The rpcinfo program on the failing system can do rpcinfo requests to any other appropriate host on the network and get results. It can do a rpcinfo -p. But any time it tries to use any form of localhost it gets complaint about weak client credentials.

Likewise, other working hosts can do rpcinfo -p queries for any other host except the failing host. For it, they get complaints about weak credentials.

localhost resolves - it can be pinged and returns 127.0.0.1 as it should. Again - hosts.allow and hosts.deny have been copied from working hosts, and the system name matches the DNS name, IP address resolves in reverse DNS to that name - doesn't seem to be a DNS issue. I'd remove tcp wrappers, but at this point doing that would take out the world due to dependencies.

A wireshark trace on a working query shows the rpcinfo -p sending and receiving AUTH_NULL credentials. For the failing box, the trace shows AUTH_NULL being sent, but being refused as a credential.
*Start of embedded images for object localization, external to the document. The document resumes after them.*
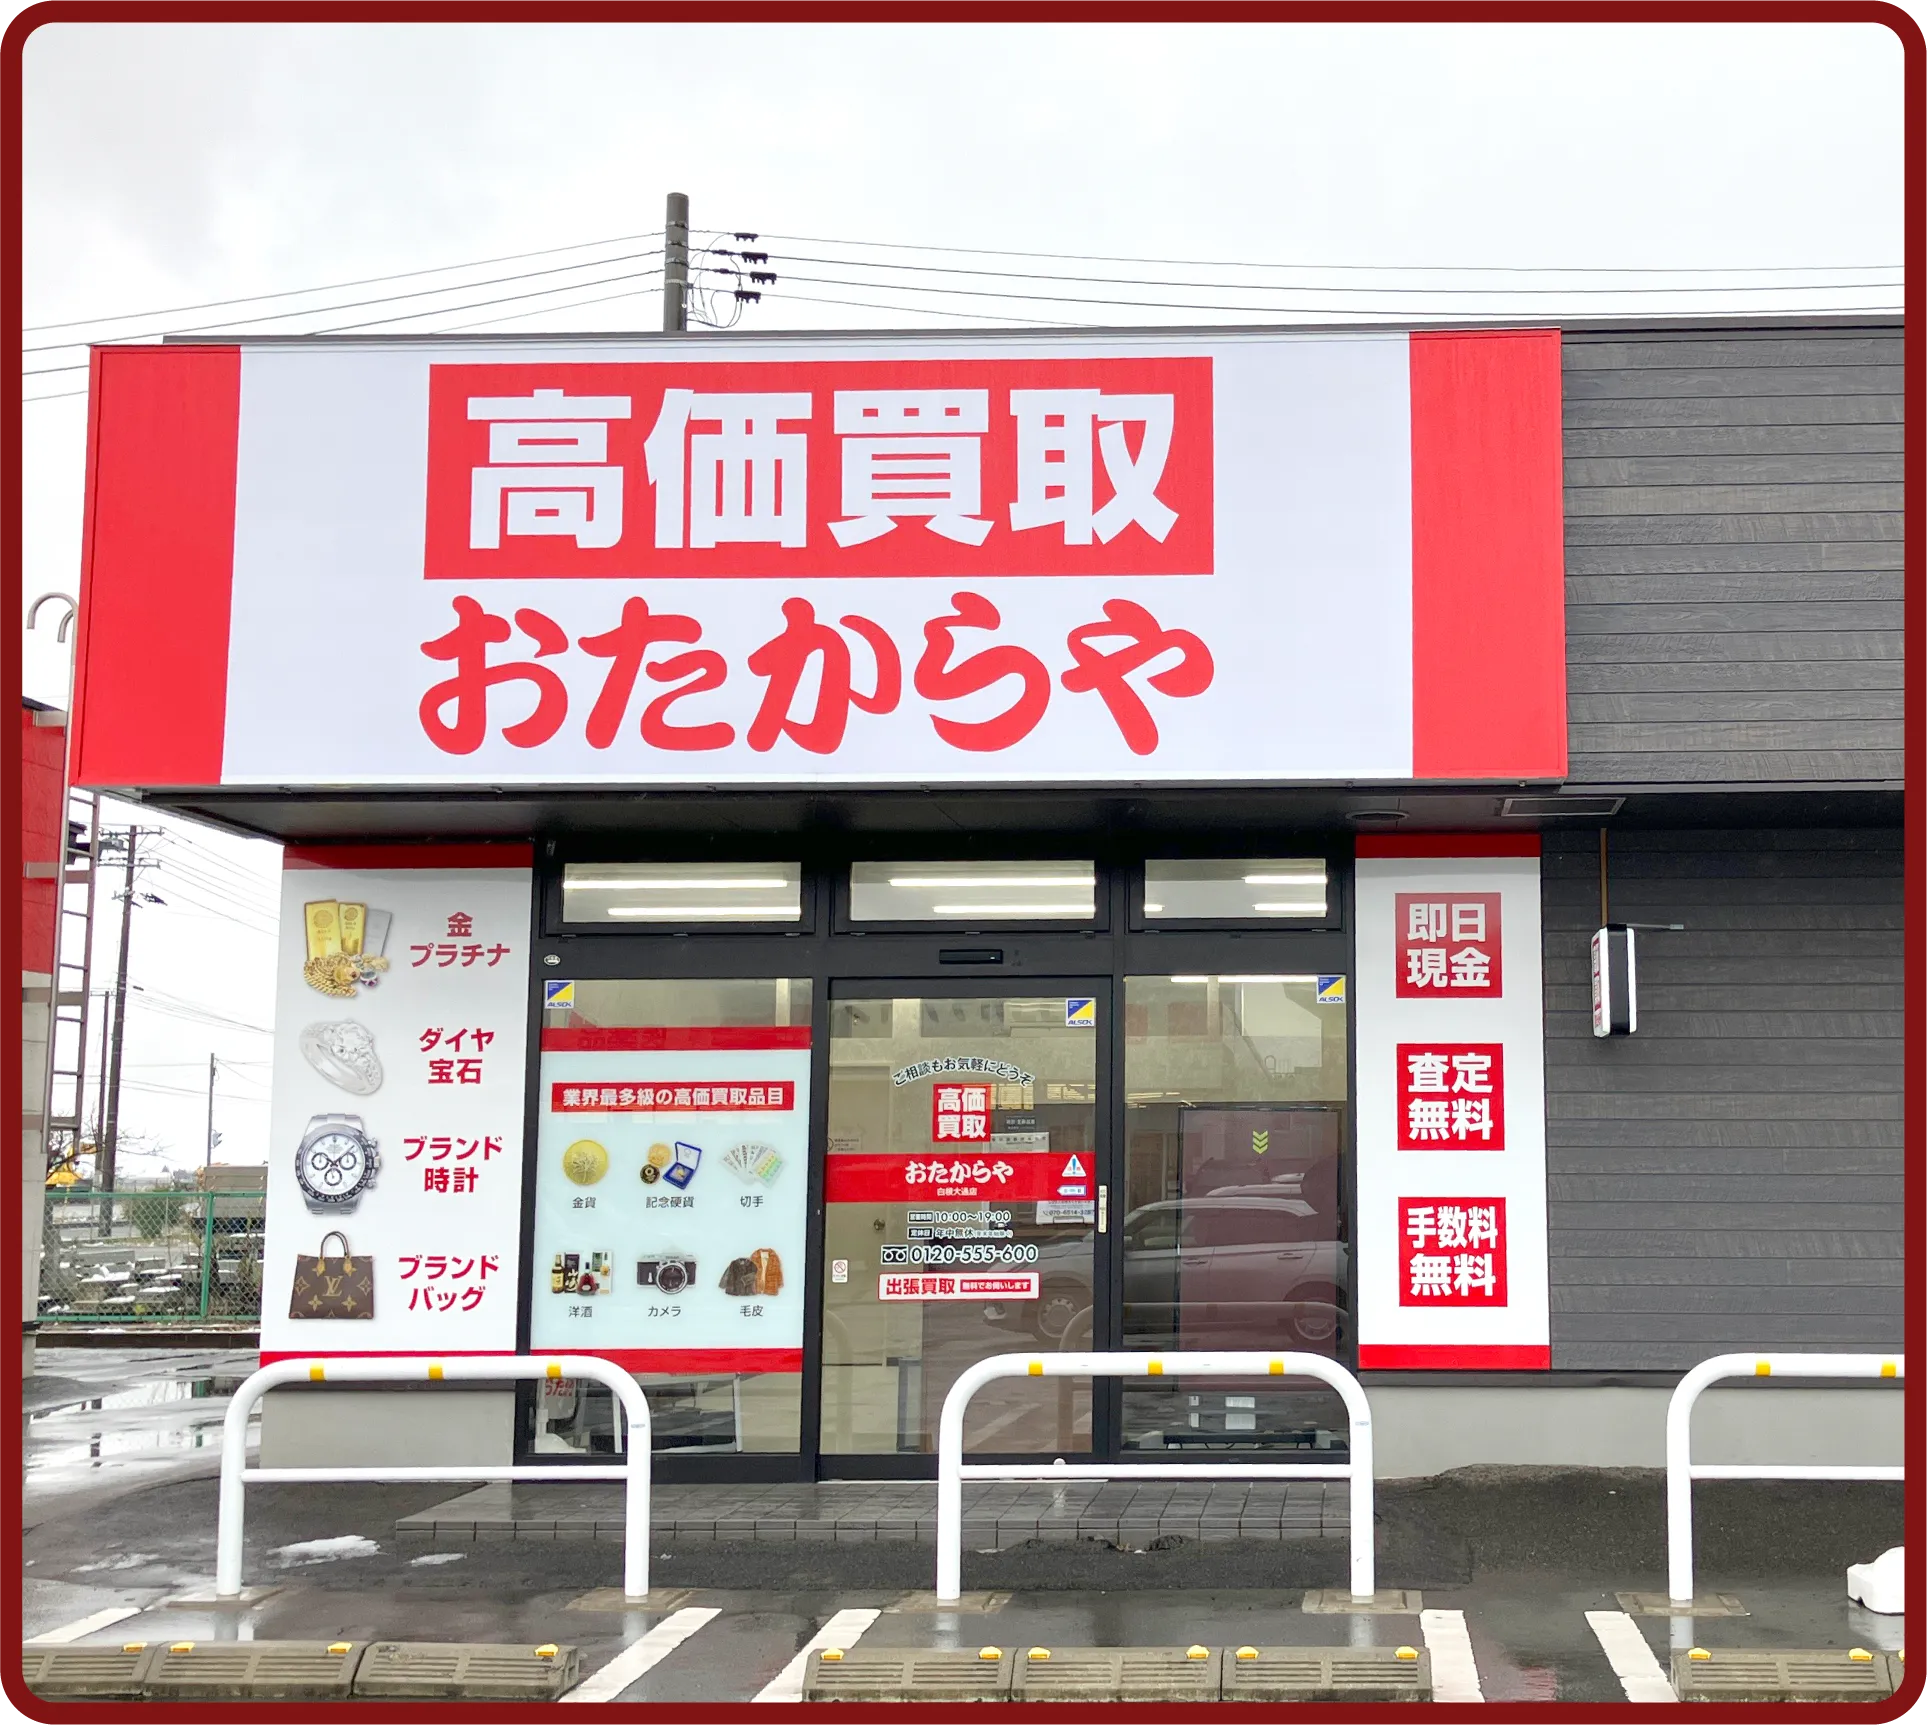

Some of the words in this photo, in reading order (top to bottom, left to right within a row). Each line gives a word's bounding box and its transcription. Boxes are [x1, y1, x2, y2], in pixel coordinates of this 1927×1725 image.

[467, 388, 1180, 550] 高価買取
[418, 591, 1215, 756] おたからや
[447, 911, 473, 937] 金
[1407, 902, 1487, 943] 即日
[409, 943, 511, 967] プラチナ
[1407, 947, 1491, 989] 現金
[418, 1027, 495, 1053] ダイヤ
[428, 1058, 483, 1085] 宝石
[893, 1057, 1034, 1087] ご相談もお気軽にどうぞ
[1407, 1052, 1493, 1094] 査定
[562, 1087, 784, 1107] 業界最多級の高価買取品目
[937, 1087, 987, 1113] 高価
[937, 1114, 987, 1139] 買取
[1408, 1098, 1493, 1140] 無料
[402, 1136, 503, 1160] ブランド
[424, 1167, 479, 1194] 時計
[905, 1160, 1014, 1184] おたからや
[572, 1196, 596, 1208] 金貨
[646, 1196, 694, 1208] 記念硬貨
[740, 1196, 763, 1207] 切手
[935, 1228, 974, 1238] 年中無休
[1406, 1206, 1498, 1249] 手数料
[911, 1246, 1038, 1263] 0120-555-600
[398, 1256, 499, 1280] ブランド
[1410, 1253, 1496, 1296] 無料
[886, 1278, 955, 1295] 出張買取
[408, 1287, 485, 1311] バッグ
[740, 1305, 763, 1317] 毛皮
[568, 1306, 593, 1318] 洋酒
[648, 1306, 681, 1318] カメラ
So the question that Google really hasn't answered for me is how do you go about restoring a system to a state where AUTH_NULL is OK? I'm not mounting at this point. I know you can set security for mounts on the command line. This is just about rpcinfo -p on this box not taking AUTH_NULL. This appears to be what is killing the rpc.statd startup (nfslock), and is probably the root of the problem.

Thanks.

Ihatewindows
14th November 2012, 09:11 PM
I know its been a couple years...still have the problem?

William Haller
14th November 2012, 09:15 PM
I ended up doing a reinstall and restoration of config files from backups.